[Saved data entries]
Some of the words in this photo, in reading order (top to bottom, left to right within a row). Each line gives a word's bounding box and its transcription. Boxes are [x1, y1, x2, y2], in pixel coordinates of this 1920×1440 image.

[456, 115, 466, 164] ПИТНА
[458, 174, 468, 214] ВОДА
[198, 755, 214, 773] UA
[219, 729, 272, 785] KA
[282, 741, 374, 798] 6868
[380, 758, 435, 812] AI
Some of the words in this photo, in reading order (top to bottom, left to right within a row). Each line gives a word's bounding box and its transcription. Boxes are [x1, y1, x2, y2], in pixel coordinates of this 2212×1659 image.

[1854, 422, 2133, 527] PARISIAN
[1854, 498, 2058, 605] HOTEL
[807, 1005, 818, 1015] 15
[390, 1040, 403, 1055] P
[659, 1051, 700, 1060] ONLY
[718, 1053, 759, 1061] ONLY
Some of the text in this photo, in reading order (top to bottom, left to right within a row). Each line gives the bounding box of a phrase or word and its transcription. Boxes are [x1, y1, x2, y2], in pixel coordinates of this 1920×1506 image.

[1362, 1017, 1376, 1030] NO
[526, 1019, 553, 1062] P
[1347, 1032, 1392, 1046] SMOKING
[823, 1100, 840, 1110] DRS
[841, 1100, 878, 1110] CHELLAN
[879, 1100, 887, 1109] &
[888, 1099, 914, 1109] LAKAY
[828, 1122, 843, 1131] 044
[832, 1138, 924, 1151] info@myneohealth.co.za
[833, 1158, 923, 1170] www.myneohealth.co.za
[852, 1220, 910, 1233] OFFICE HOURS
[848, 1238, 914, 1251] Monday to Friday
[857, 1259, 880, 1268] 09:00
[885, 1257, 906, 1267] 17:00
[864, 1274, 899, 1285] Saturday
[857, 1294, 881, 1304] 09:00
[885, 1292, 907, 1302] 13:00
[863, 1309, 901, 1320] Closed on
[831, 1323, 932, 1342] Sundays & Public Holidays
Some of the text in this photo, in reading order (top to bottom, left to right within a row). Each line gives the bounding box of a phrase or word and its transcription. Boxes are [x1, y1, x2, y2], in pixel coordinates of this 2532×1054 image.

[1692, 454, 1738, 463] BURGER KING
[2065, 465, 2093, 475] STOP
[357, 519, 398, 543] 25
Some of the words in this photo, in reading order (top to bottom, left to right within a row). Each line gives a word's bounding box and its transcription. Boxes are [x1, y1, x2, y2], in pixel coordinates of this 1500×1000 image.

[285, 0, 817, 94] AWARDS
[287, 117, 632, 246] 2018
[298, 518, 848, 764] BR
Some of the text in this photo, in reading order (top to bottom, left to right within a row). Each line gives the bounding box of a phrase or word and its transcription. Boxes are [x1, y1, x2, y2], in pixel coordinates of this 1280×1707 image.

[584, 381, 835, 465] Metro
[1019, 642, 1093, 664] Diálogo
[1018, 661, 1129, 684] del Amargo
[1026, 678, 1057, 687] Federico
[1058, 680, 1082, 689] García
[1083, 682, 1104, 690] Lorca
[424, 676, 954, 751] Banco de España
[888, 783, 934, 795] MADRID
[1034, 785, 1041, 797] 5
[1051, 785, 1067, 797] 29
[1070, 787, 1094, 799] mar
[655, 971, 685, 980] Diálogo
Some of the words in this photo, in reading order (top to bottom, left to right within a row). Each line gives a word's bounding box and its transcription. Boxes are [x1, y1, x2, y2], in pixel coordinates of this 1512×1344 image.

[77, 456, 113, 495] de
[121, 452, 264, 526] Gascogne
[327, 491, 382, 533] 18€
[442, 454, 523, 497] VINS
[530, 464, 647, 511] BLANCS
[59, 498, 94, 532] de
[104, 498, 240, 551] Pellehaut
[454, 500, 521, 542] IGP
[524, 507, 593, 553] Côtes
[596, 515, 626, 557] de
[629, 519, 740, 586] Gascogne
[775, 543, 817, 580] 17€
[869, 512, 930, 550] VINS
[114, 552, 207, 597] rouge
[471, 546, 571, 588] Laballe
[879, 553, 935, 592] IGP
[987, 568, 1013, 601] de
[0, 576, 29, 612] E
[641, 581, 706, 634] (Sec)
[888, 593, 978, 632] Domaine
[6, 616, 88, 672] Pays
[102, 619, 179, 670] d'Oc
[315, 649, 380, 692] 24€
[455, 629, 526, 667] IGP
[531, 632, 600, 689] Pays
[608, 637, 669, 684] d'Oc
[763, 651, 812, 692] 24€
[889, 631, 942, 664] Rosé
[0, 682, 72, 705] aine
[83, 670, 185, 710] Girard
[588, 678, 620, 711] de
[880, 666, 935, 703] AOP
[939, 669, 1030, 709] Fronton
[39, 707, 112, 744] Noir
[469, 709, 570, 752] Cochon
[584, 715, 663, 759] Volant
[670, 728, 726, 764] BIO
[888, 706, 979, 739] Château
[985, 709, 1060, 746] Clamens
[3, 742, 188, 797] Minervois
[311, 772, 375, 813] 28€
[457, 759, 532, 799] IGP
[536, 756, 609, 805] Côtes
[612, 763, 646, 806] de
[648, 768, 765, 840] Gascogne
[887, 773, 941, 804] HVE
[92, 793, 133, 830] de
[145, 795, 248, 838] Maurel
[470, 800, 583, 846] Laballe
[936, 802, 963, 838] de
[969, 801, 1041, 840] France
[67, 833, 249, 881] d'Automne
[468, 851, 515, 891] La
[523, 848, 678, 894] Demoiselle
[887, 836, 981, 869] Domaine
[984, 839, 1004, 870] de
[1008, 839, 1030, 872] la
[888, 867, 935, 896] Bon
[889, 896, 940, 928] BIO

▶ **EXERCISE PROMPT**: Print all the entries above. Keep each one exact.

▶ **FINISHED TASK**:
Some of the words in this photo, in reading order (top to bottom, left to right within a row). Each line gives a word's bounding box and its transcription. Boxes are [x1, y1, x2, y2], in pixel coordinates of this 1920×1440 image.

[456, 115, 466, 164] ПИТНА
[458, 174, 468, 214] ВОДА
[198, 755, 214, 773] UA
[219, 729, 272, 785] KA
[282, 741, 374, 798] 6868
[380, 758, 435, 812] AI
Some of the words in this photo, in reading order (top to bottom, left to right within a row). Each line gives a word's bounding box and its transcription. Boxes are [x1, y1, x2, y2], in pixel coordinates of this 2212×1659 image.

[1854, 422, 2133, 527] PARISIAN
[1854, 498, 2058, 605] HOTEL
[807, 1005, 818, 1015] 15
[390, 1040, 403, 1055] P
[659, 1051, 700, 1060] ONLY
[718, 1053, 759, 1061] ONLY
Some of the text in this photo, in reading order (top to bottom, left to right within a row). Each line gives the bounding box of a phrase or word and its transcription. Boxes are [x1, y1, x2, y2], in pixel coordinates of this 1920×1506 image.

[1362, 1017, 1376, 1030] NO
[526, 1019, 553, 1062] P
[1347, 1032, 1392, 1046] SMOKING
[823, 1100, 840, 1110] DRS
[841, 1100, 878, 1110] CHELLAN
[879, 1100, 887, 1109] &
[888, 1099, 914, 1109] LAKAY
[828, 1122, 843, 1131] 044
[832, 1138, 924, 1151] info@myneohealth.co.za
[833, 1158, 923, 1170] www.myneohealth.co.za
[852, 1220, 910, 1233] OFFICE HOURS
[848, 1238, 914, 1251] Monday to Friday
[857, 1259, 880, 1268] 09:00
[885, 1257, 906, 1267] 17:00
[864, 1274, 899, 1285] Saturday
[857, 1294, 881, 1304] 09:00
[885, 1292, 907, 1302] 13:00
[863, 1309, 901, 1320] Closed on
[831, 1323, 932, 1342] Sundays & Public Holidays
Some of the text in this photo, in reading order (top to bottom, left to right within a row). Each line gives the bounding box of a phrase or word and its transcription. Boxes are [x1, y1, x2, y2], in pixel coordinates of this 2532×1054 image.

[1692, 454, 1738, 463] BURGER KING
[2065, 465, 2093, 475] STOP
[357, 519, 398, 543] 25
Some of the words in this photo, in reading order (top to bottom, left to right within a row). Each line gives a word's bounding box and its transcription. Boxes are [x1, y1, x2, y2], in pixel coordinates of this 1500×1000 image.

[285, 0, 817, 94] AWARDS
[287, 117, 632, 246] 2018
[298, 518, 848, 764] BR
Some of the text in this photo, in reading order (top to bottom, left to right within a row). Each line gives the bounding box of a phrase or word and its transcription. Boxes are [x1, y1, x2, y2], in pixel coordinates of this 1280×1707 image.

[584, 381, 835, 465] Metro
[1019, 642, 1093, 664] Diálogo
[1018, 661, 1129, 684] del Amargo
[1026, 678, 1057, 687] Federico
[1058, 680, 1082, 689] García
[1083, 682, 1104, 690] Lorca
[424, 676, 954, 751] Banco de España
[888, 783, 934, 795] MADRID
[1034, 785, 1041, 797] 5
[1051, 785, 1067, 797] 29
[1070, 787, 1094, 799] mar
[655, 971, 685, 980] Diálogo
Some of the words in this photo, in reading order (top to bottom, left to right within a row). Each line gives a word's bounding box and its transcription. Boxes are [x1, y1, x2, y2], in pixel coordinates of this 1512×1344 image.

[77, 456, 113, 495] de
[121, 452, 264, 526] Gascogne
[327, 491, 382, 533] 18€
[442, 454, 523, 497] VINS
[530, 464, 647, 511] BLANCS
[59, 498, 94, 532] de
[104, 498, 240, 551] Pellehaut
[454, 500, 521, 542] IGP
[524, 507, 593, 553] Côtes
[596, 515, 626, 557] de
[629, 519, 740, 586] Gascogne
[775, 543, 817, 580] 17€
[869, 512, 930, 550] VINS
[114, 552, 207, 597] rouge
[471, 546, 571, 588] Laballe
[879, 553, 935, 592] IGP
[987, 568, 1013, 601] de
[0, 576, 29, 612] E
[641, 581, 706, 634] (Sec)
[888, 593, 978, 632] Domaine
[6, 616, 88, 672] Pays
[102, 619, 179, 670] d'Oc
[315, 649, 380, 692] 24€
[455, 629, 526, 667] IGP
[531, 632, 600, 689] Pays
[608, 637, 669, 684] d'Oc
[763, 651, 812, 692] 24€
[889, 631, 942, 664] Rosé
[0, 682, 72, 705] aine
[83, 670, 185, 710] Girard
[588, 678, 620, 711] de
[880, 666, 935, 703] AOP
[939, 669, 1030, 709] Fronton
[39, 707, 112, 744] Noir
[469, 709, 570, 752] Cochon
[584, 715, 663, 759] Volant
[670, 728, 726, 764] BIO
[888, 706, 979, 739] Château
[985, 709, 1060, 746] Clamens
[3, 742, 188, 797] Minervois
[311, 772, 375, 813] 28€
[457, 759, 532, 799] IGP
[536, 756, 609, 805] Côtes
[612, 763, 646, 806] de
[648, 768, 765, 840] Gascogne
[887, 773, 941, 804] HVE
[92, 793, 133, 830] de
[145, 795, 248, 838] Maurel
[470, 800, 583, 846] Laballe
[936, 802, 963, 838] de
[969, 801, 1041, 840] France
[67, 833, 249, 881] d'Automne
[468, 851, 515, 891] La
[523, 848, 678, 894] Demoiselle
[887, 836, 981, 869] Domaine
[984, 839, 1004, 870] de
[1008, 839, 1030, 872] la
[888, 867, 935, 896] Bon
[889, 896, 940, 928] BIO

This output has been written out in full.